Drew Stommes's picture

Drew Stommes is a Ph.D. student in political science specializing in comparative politics, international relations, and quantitative methods. In particular, his research examines the intersection of elections and political violence in South Asia. Prior to coming to Yale, Drew received an M.A. in International Relations from the University of Chicago and a B.A. in Political Science from Saint John’s University in Minnesota.

Andrés Vargas Castillo's picture

Andrés R. Vargas Castillo is a PhD student in Political Science at Yale University. His research interests include collective action and social movements in civil wars and political violence. Research to date focuses in Colombia, where he has studied diverse topics including the relationship between institutional development, territory and violence in the south of the country, policy options to terminate violent conflict with ELN insurgency, and community based non-violent resistance. He holds a B.A. in political science from Universidad Javeriana and is an Associate Researcher of the Bogotá based Research Center for Conflict Analysis.

Louis Wasser's picture

Louis Wasser held two appointments at Yale in 2019-20, Postdoctoral Associate at the MacMillan Center for International and Area Studies and Lecturer in the Department of Political Science, and he is currently a Research Affiliate in the latter. He received his PhD from Yale in December 2019, with his three-paper dissertation (“Anti-Regime and Separatist Opposition Strategies: Institutional and Extra-Institutional, Violent and Nonviolent”) focusing on the origins and consequences of variation in opposition strategies. Studying this issue required constructing two large-N datasets of opposition strategies: one for separatist movements and a second for anti-regime campaigns. The secessionist dataset is presented in a co-authored paper published in 2019 in the Journal of Conflict Resolution. Louis was a Minerva-USIP Peace and Security Scholar in 2018-19, and his work has also been supported financially by the MacMillan Center. Before graduate school, he worked as a Cairo-based journalist, and his writing has appeared in the San Francisco Chronicle and the Financial Times, among other places.

Remco Zwetsloot's picture

Remco Zwetsloot is a PhD candidate in Political Science, with a focus on comparative politics, political economy, and quantitative methods.

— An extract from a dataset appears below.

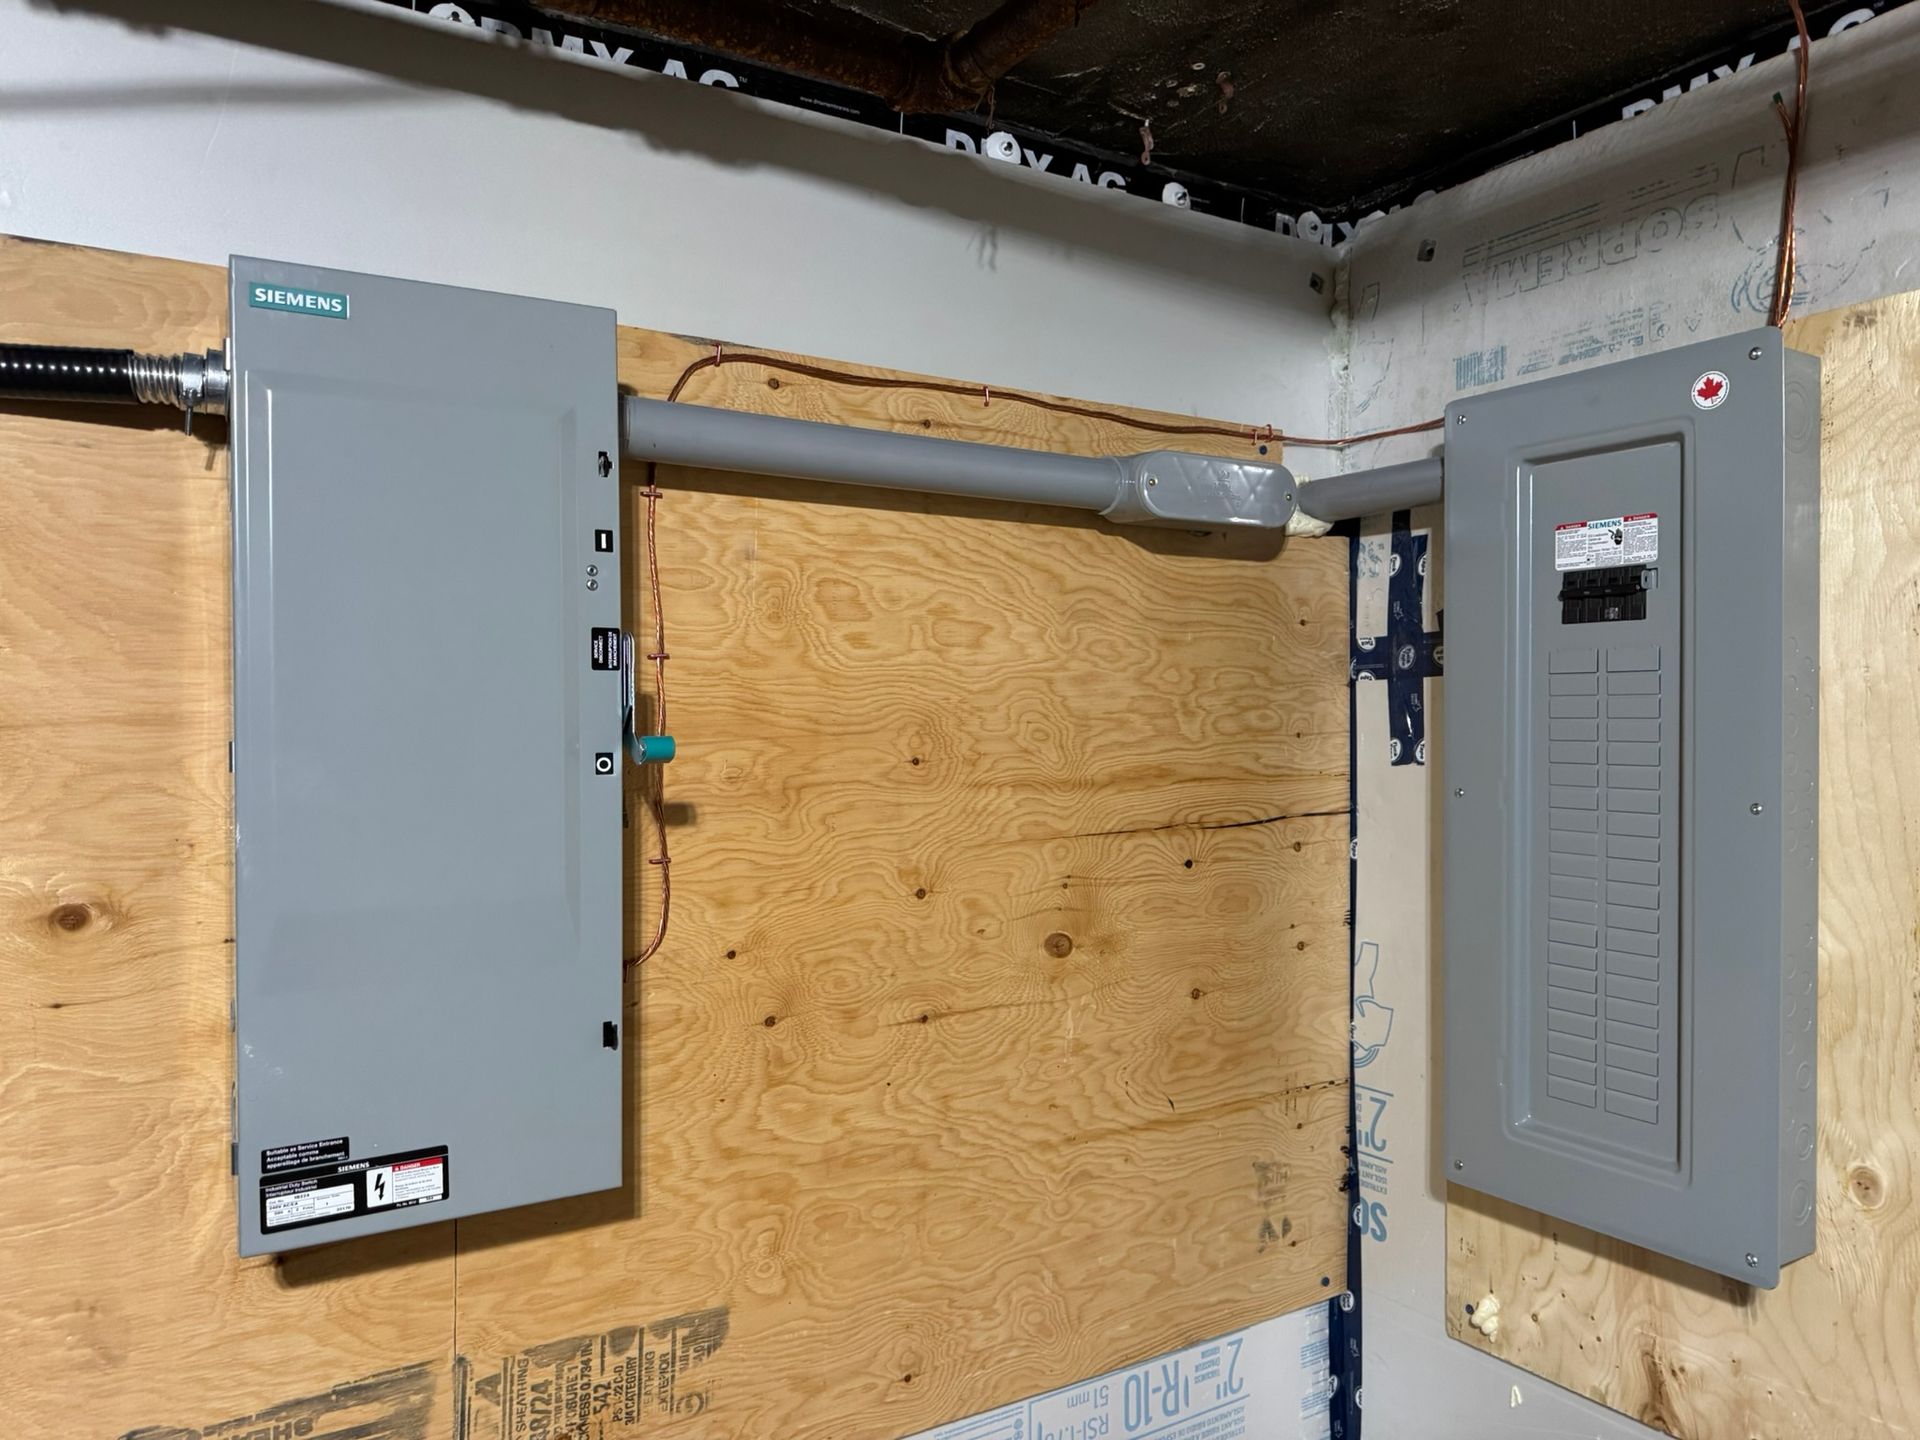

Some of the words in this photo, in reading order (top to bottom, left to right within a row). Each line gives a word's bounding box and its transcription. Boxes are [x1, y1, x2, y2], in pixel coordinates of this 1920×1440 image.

His research focuses on mechanisms that can decrease inter-group conflict, with a particular focus on post-civil war settings. He is working on projects on peacekeeping, post-conflict power sharing, and reputation in international relations. Remco holds a BA (summa cum laude) in Social Science from University College Roosevelt and an MPhil (distinction) in International Relations from the University of Oxford.